Data supplied →
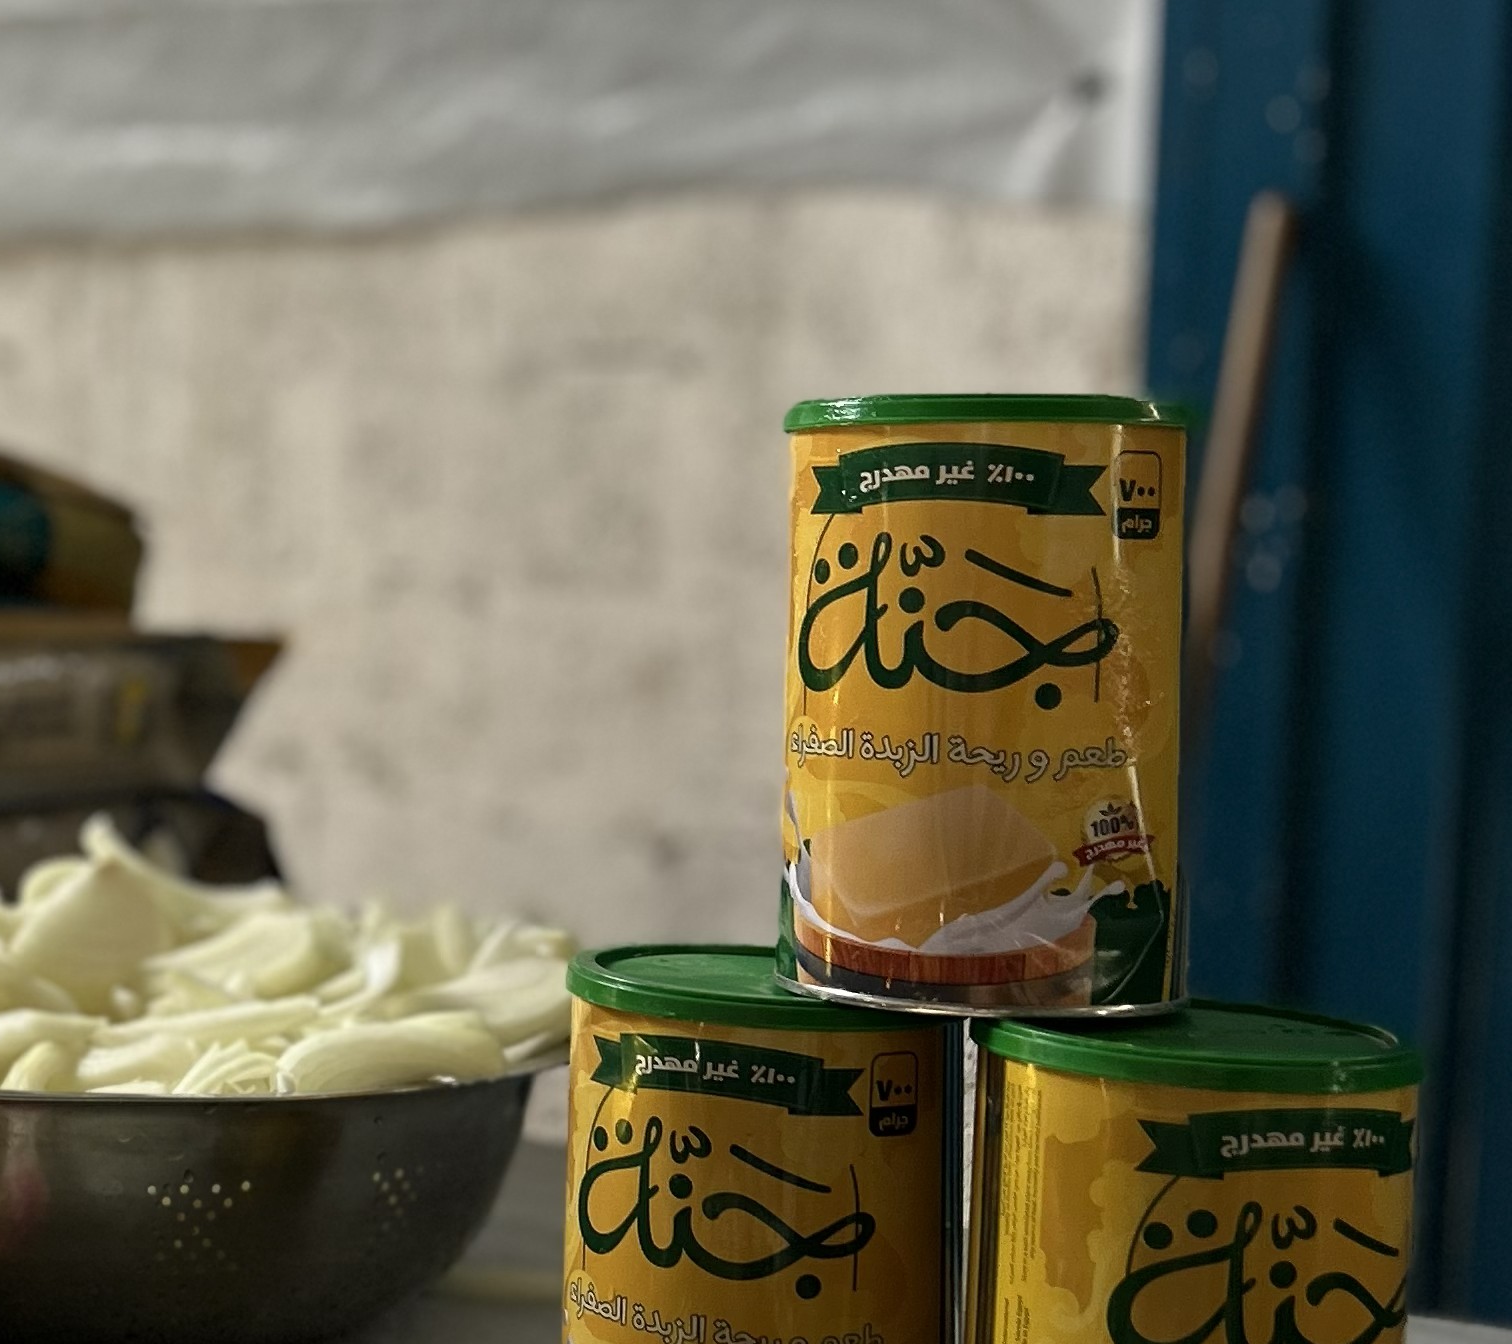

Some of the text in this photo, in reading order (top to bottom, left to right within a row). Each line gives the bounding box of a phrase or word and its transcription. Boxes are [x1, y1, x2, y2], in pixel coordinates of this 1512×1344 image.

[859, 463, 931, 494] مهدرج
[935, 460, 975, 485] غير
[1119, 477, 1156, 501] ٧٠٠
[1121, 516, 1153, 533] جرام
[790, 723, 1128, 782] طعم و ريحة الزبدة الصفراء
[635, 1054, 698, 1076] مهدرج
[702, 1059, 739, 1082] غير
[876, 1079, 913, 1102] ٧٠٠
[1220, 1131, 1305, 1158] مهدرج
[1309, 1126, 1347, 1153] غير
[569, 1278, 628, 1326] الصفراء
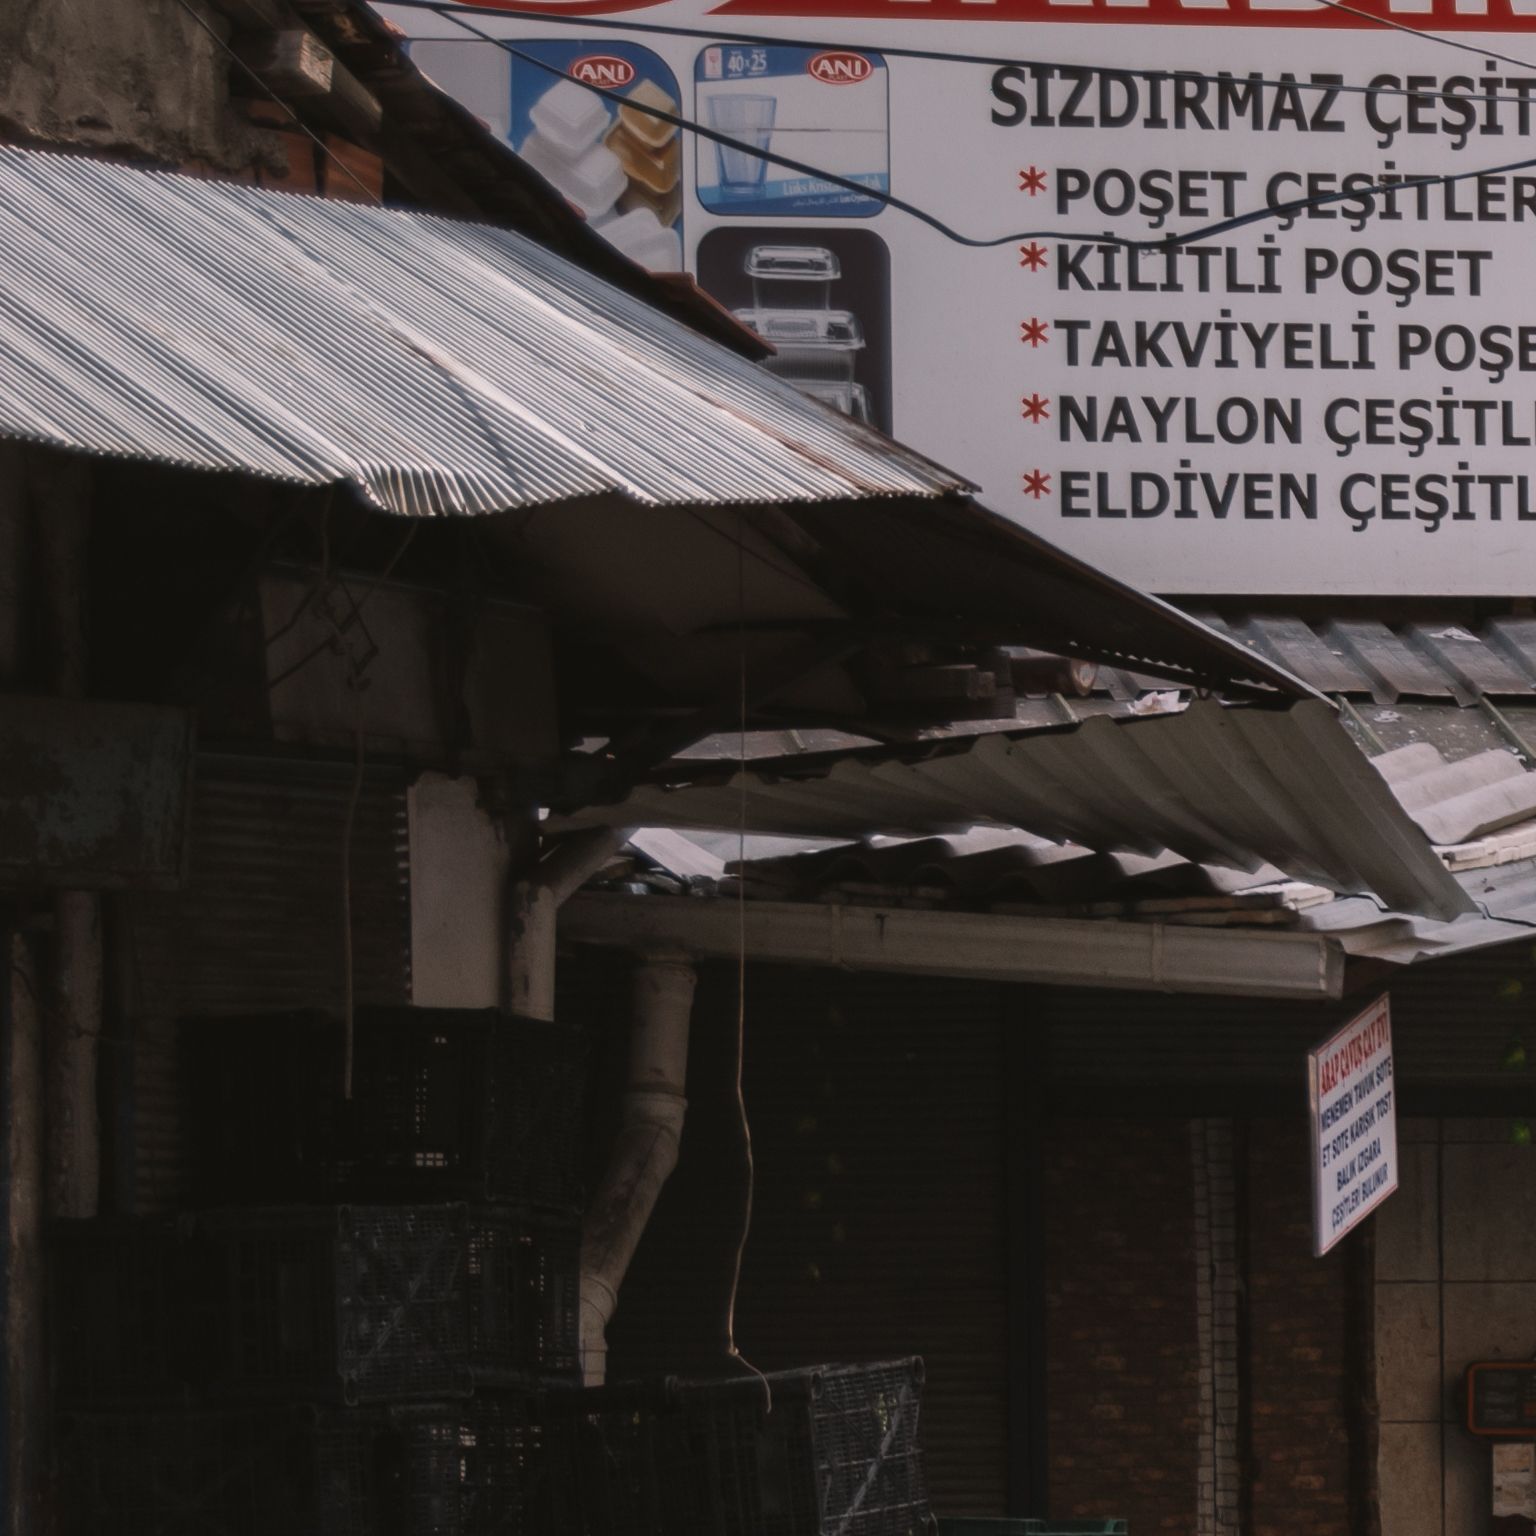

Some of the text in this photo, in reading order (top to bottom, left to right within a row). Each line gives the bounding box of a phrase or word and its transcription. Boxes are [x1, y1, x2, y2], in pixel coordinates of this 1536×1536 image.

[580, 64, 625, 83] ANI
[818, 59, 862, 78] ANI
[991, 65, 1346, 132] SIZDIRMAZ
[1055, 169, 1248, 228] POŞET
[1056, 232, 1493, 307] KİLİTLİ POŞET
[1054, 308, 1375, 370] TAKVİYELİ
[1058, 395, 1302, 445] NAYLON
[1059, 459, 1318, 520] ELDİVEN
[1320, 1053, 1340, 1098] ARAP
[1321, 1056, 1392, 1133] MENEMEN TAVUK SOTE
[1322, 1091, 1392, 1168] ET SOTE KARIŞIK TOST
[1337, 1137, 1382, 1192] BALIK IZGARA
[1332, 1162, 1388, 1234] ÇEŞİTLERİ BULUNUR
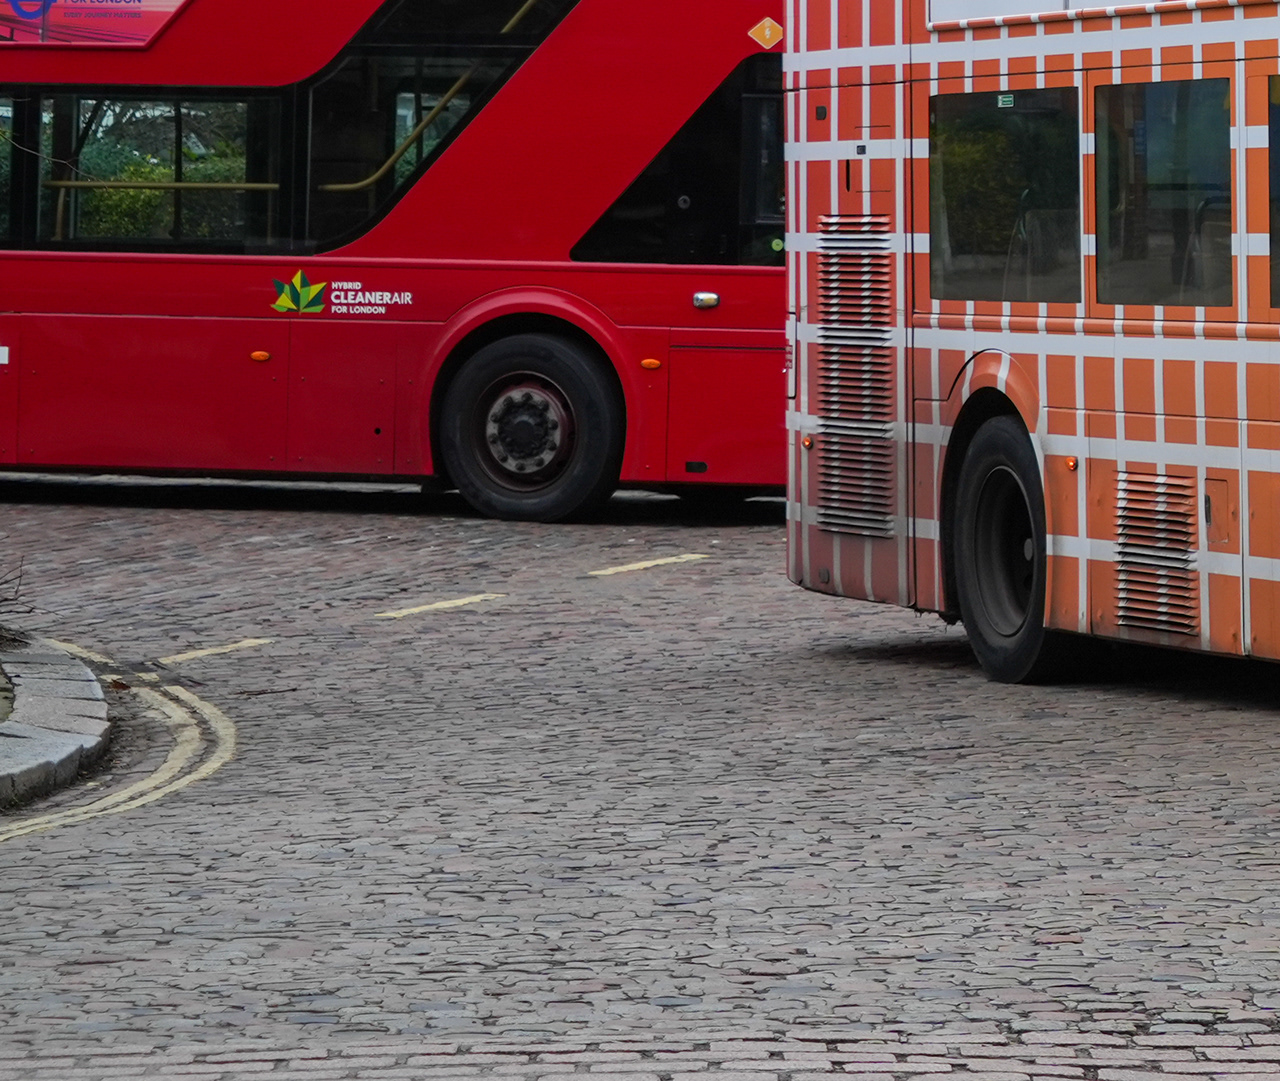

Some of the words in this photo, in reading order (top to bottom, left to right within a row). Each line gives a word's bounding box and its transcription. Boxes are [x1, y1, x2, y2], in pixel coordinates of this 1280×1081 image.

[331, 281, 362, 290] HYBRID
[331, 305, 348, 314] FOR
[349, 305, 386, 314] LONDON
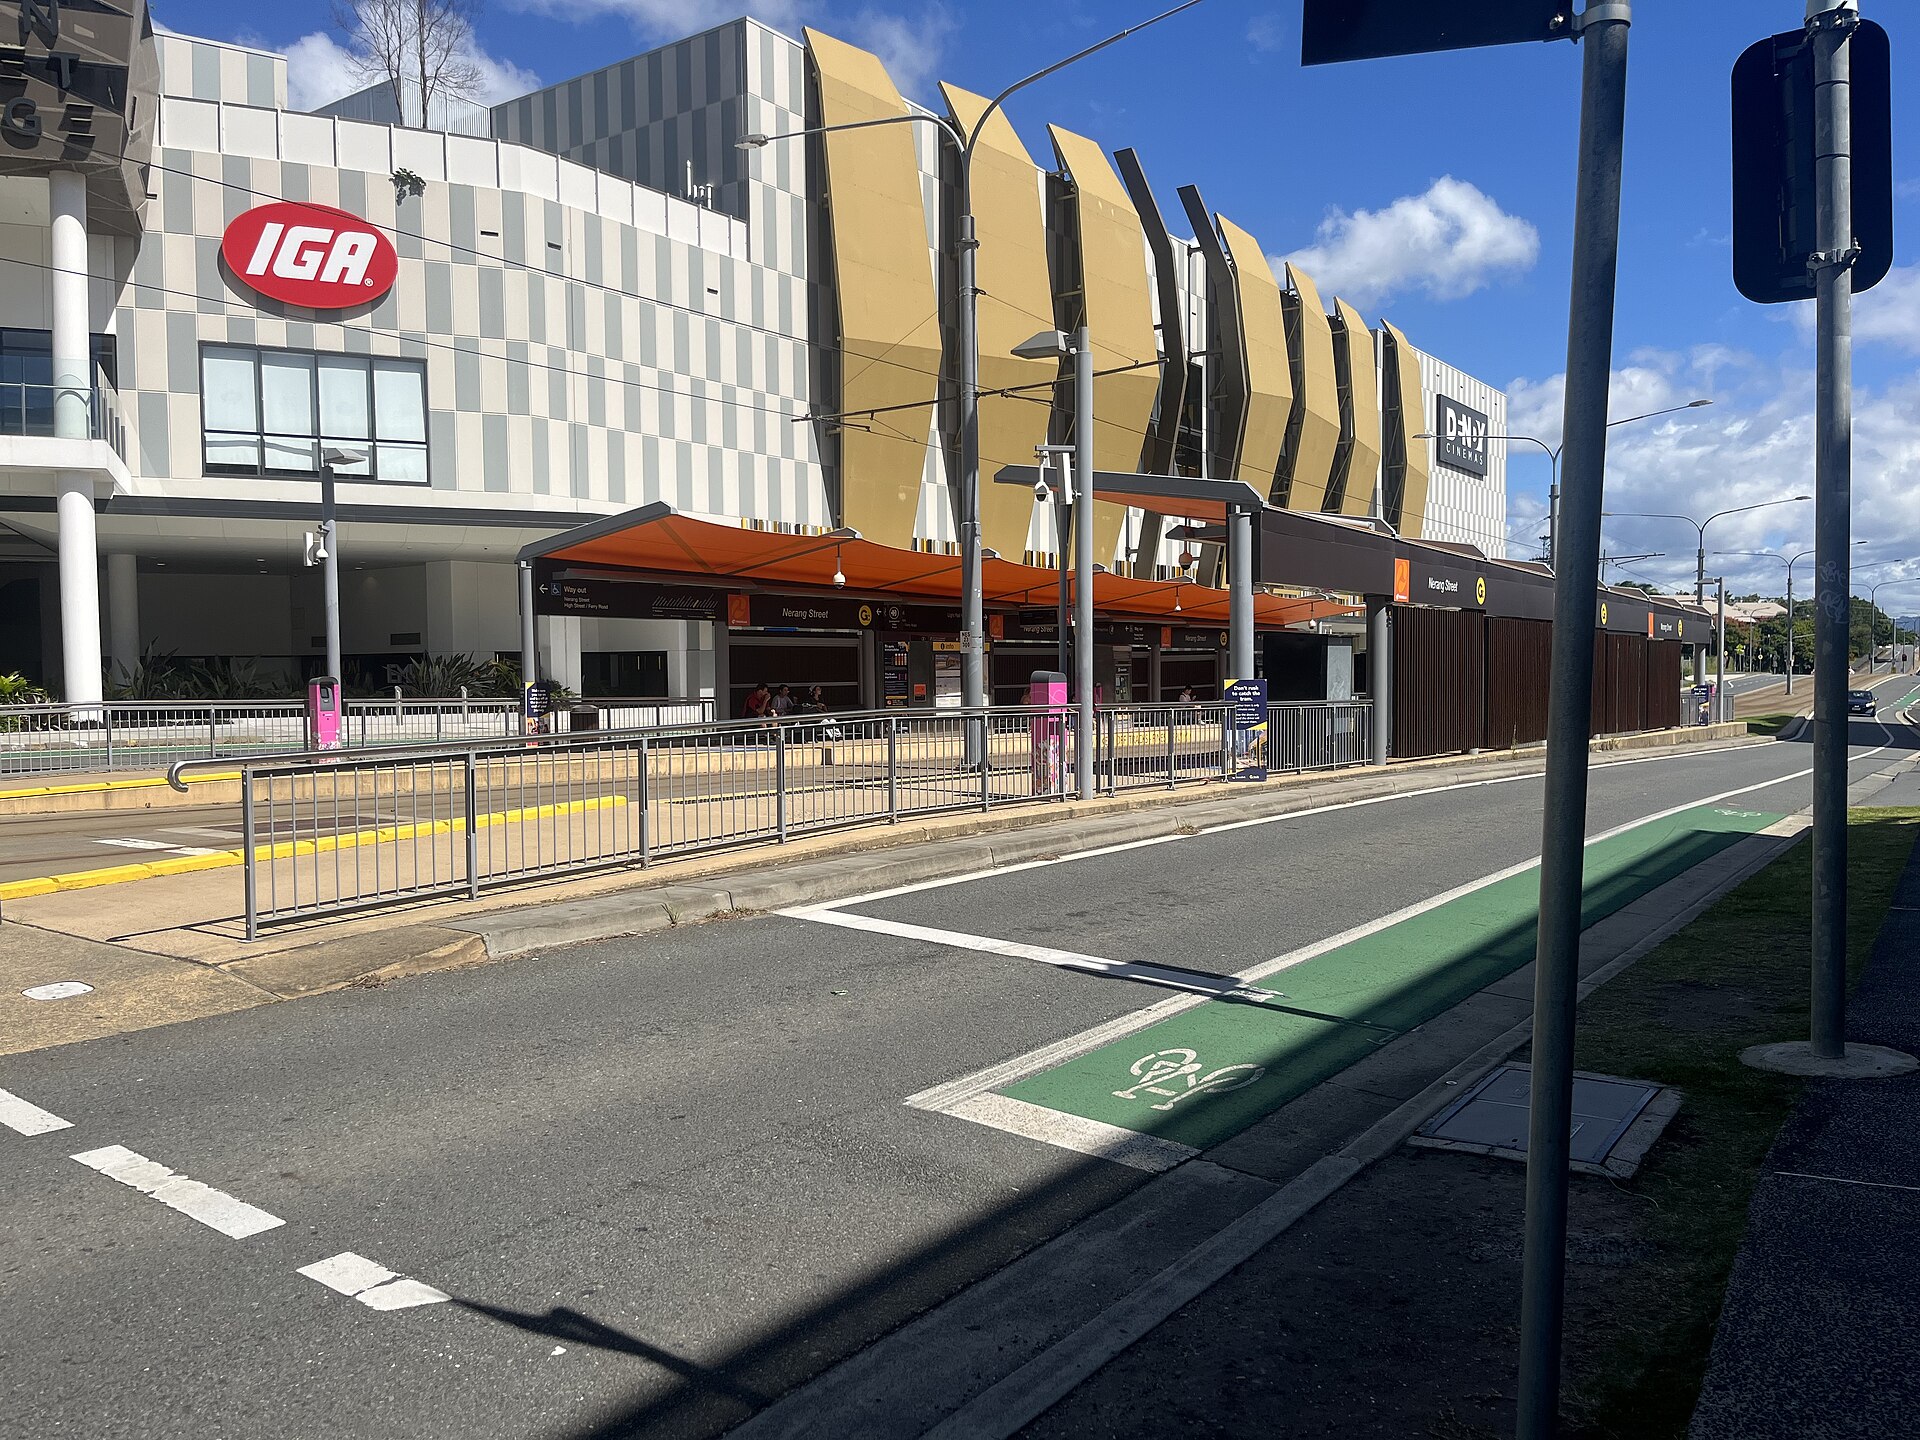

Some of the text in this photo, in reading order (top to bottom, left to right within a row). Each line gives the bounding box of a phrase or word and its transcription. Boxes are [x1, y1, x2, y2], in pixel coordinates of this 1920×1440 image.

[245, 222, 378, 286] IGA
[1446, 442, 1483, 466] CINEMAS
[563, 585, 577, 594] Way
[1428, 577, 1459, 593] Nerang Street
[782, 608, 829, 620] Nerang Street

Problem description → The whole listing above, minus its pictures, is what you should write out word for word.

Output of the task →
Some of the text in this photo, in reading order (top to bottom, left to right within a row). Each line gives the bounding box of a phrase or word and its transcription. Boxes are [x1, y1, x2, y2], in pixel coordinates of this 1512×1344 image.

[859, 463, 931, 494] مهدرج
[935, 460, 975, 485] غير
[1119, 477, 1156, 501] ٧٠٠
[1121, 516, 1153, 533] جرام
[790, 723, 1128, 782] طعم و ريحة الزبدة الصفراء
[635, 1054, 698, 1076] مهدرج
[702, 1059, 739, 1082] غير
[876, 1079, 913, 1102] ٧٠٠
[1220, 1131, 1305, 1158] مهدرج
[1309, 1126, 1347, 1153] غير
[569, 1278, 628, 1326] الصفراء

Some of the text in this photo, in reading order (top to bottom, left to right within a row). Each line gives the bounding box of a phrase or word and its transcription. Boxes are [x1, y1, x2, y2], in pixel coordinates of this 1536×1536 image.

[580, 64, 625, 83] ANI
[818, 59, 862, 78] ANI
[991, 65, 1346, 132] SIZDIRMAZ
[1055, 169, 1248, 228] POŞET
[1056, 232, 1493, 307] KİLİTLİ POŞET
[1054, 308, 1375, 370] TAKVİYELİ
[1058, 395, 1302, 445] NAYLON
[1059, 459, 1318, 520] ELDİVEN
[1320, 1053, 1340, 1098] ARAP
[1321, 1056, 1392, 1133] MENEMEN TAVUK SOTE
[1322, 1091, 1392, 1168] ET SOTE KARIŞIK TOST
[1337, 1137, 1382, 1192] BALIK IZGARA
[1332, 1162, 1388, 1234] ÇEŞİTLERİ BULUNUR

Some of the words in this photo, in reading order (top to bottom, left to right within a row). Each line gives a word's bounding box and its transcription. Boxes are [x1, y1, x2, y2], in pixel coordinates of this 1280×1081 image.

[331, 281, 362, 290] HYBRID
[331, 305, 348, 314] FOR
[349, 305, 386, 314] LONDON

Some of the text in this photo, in reading order (top to bottom, left to right within a row). Each line gives the bounding box of a phrase or word and its transcription. Boxes are [x1, y1, x2, y2], in pixel coordinates of this 1920×1440 image.

[245, 222, 378, 286] IGA
[1446, 442, 1483, 466] CINEMAS
[563, 585, 577, 594] Way
[1428, 577, 1459, 593] Nerang Street
[782, 608, 829, 620] Nerang Street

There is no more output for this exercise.